Each year more money is spent on information systems security, and each
year there are more incidents, more losses, and greater average losses.
Security spending, vulnerabilities, attacks, and related losses were at
record highs in 2001. This year is expected to be worse.
It should be obvious that the data security industry is missing
something critical when it comes to reigning in the losses caused by
security incidents. The potential for hundreds of thousands of systems
to be compromised literally overnight is a systemic failure that must be
corrected.

The increased reliance on the Internet and other networked systems makes
developing a real and workable preventive solution for computer security
an economic necessity.

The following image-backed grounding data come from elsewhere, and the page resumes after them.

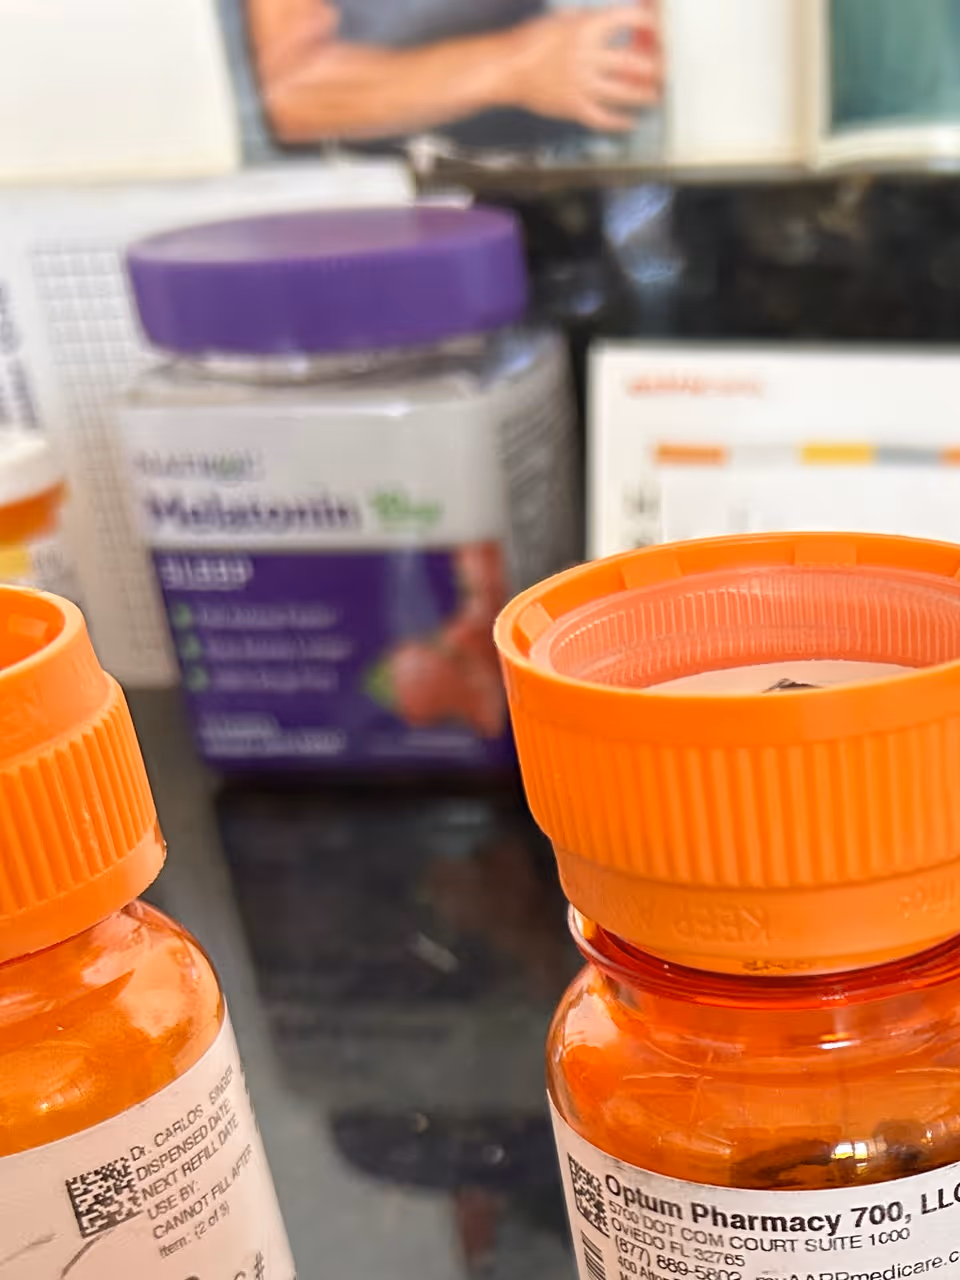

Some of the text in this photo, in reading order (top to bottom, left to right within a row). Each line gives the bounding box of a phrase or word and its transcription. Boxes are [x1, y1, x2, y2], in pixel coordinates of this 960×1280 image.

[150, 493, 361, 528] Melatonin
[136, 1098, 231, 1182] DISPENSED DATE
[154, 1103, 204, 1147] CARLOS
[142, 1113, 240, 1201] NEXT REFILL DATE
[147, 1180, 200, 1220] USE BY:
[153, 1195, 210, 1240] CANNOT
[211, 1176, 234, 1201] FILL
[605, 1174, 683, 1220] Optum
[691, 1202, 841, 1236] Pharmacy
[851, 1201, 912, 1225] 700,
[608, 1200, 910, 1252] 5700 DOT COM COURT SUITE 1000
[611, 1217, 746, 1268] OVIEDO FL 32765
[615, 1235, 651, 1267] (877)

A security process that can keep systems secure
in spite of their vulnerabilities is becoming a necessity. The current
vulnerability-driven security process is just not up to the challenge.

Human errors create security holes

It’s a basic fact: Mistakes are inevitable. People make mistakes when
they design, write, install, configure, and use software.

The engineers who design mechanical systems assume that defects will
exist and design products accordingly. Software engineers, on the other
hand, seem to assume that the software they produce will be 100 percent
defect free, installed perfectly by customers, and used precisely
according to the manual. In reality, software:

  1. Contains design and implementation defects.
  2. Is often installed incorrectly.
  3. Is used in ways unexpected by the designers.
  4. Is subject to malicious use.

The total number of defects in a given piece of software is unknown.
Some of these defects lie dormant for the entire life of the application
and never become security, reliability, or availability problems. Other
defects are discovered and the security vulnerabilities they cause
immediately become growing sources of risk. Each defect has the potential
to become a problem, but only if the defect is actually encountered.

The recent vulnerabilities with OpenSSH software demonstrate
that even intensive auditing cannot necessarily root out all the defects
from software. As software systems become
larger and more complex
, intensive auditing becomes more expensive and
more difficult. Software audits simply cannot be relied upon to find all
of the security vulnerabilities in any given system.

Making the situation worse, unforeseen software usage by legitimate
users and malicious attackers can cause programs to execute through
defects that had previously lain dormant. These unexpected execution
paths are an inconvenience for the innocent user, but a gold mine for
the vulnerability seeker.

The increased usage of network software systems and the rapid
time-to-market schedules demanded by businesses have caused a dramatic
increase in the number of vulnerabilities discovered and security
incidents that occur each year. In just the past two years, these numbers
have doubled
, according to CERT. Because it is highly
unlikely that the trend toward inter-networked systems will halt or even
slow, or that the market pressures on software manufacturers will
subside, preventive security has become a must for those who need to
reduce their security risk exposure.

Preventive security techniques

The preventive security techniques discussed in this paper flow from the
following axiom: If you can’t or don’t control a system, you cannot
secure it. Put simply, security comes from control. Therefore,
preventive security requires giving administrators real control over
computer systems. If the administrator cannot prevent people from
running malicious code or tampering with data, their systems will not be
secure.

Preventive security techniques are subject to some a priori limitations
and conditions. The methodologies for preventive security need to meet
the following requirements:

  1. Techniques must prevent attempted breaches from succeeding.
  2. Techniques must be implementable.
  3. Techniques must be manageable. Techniques should err on the side of caution.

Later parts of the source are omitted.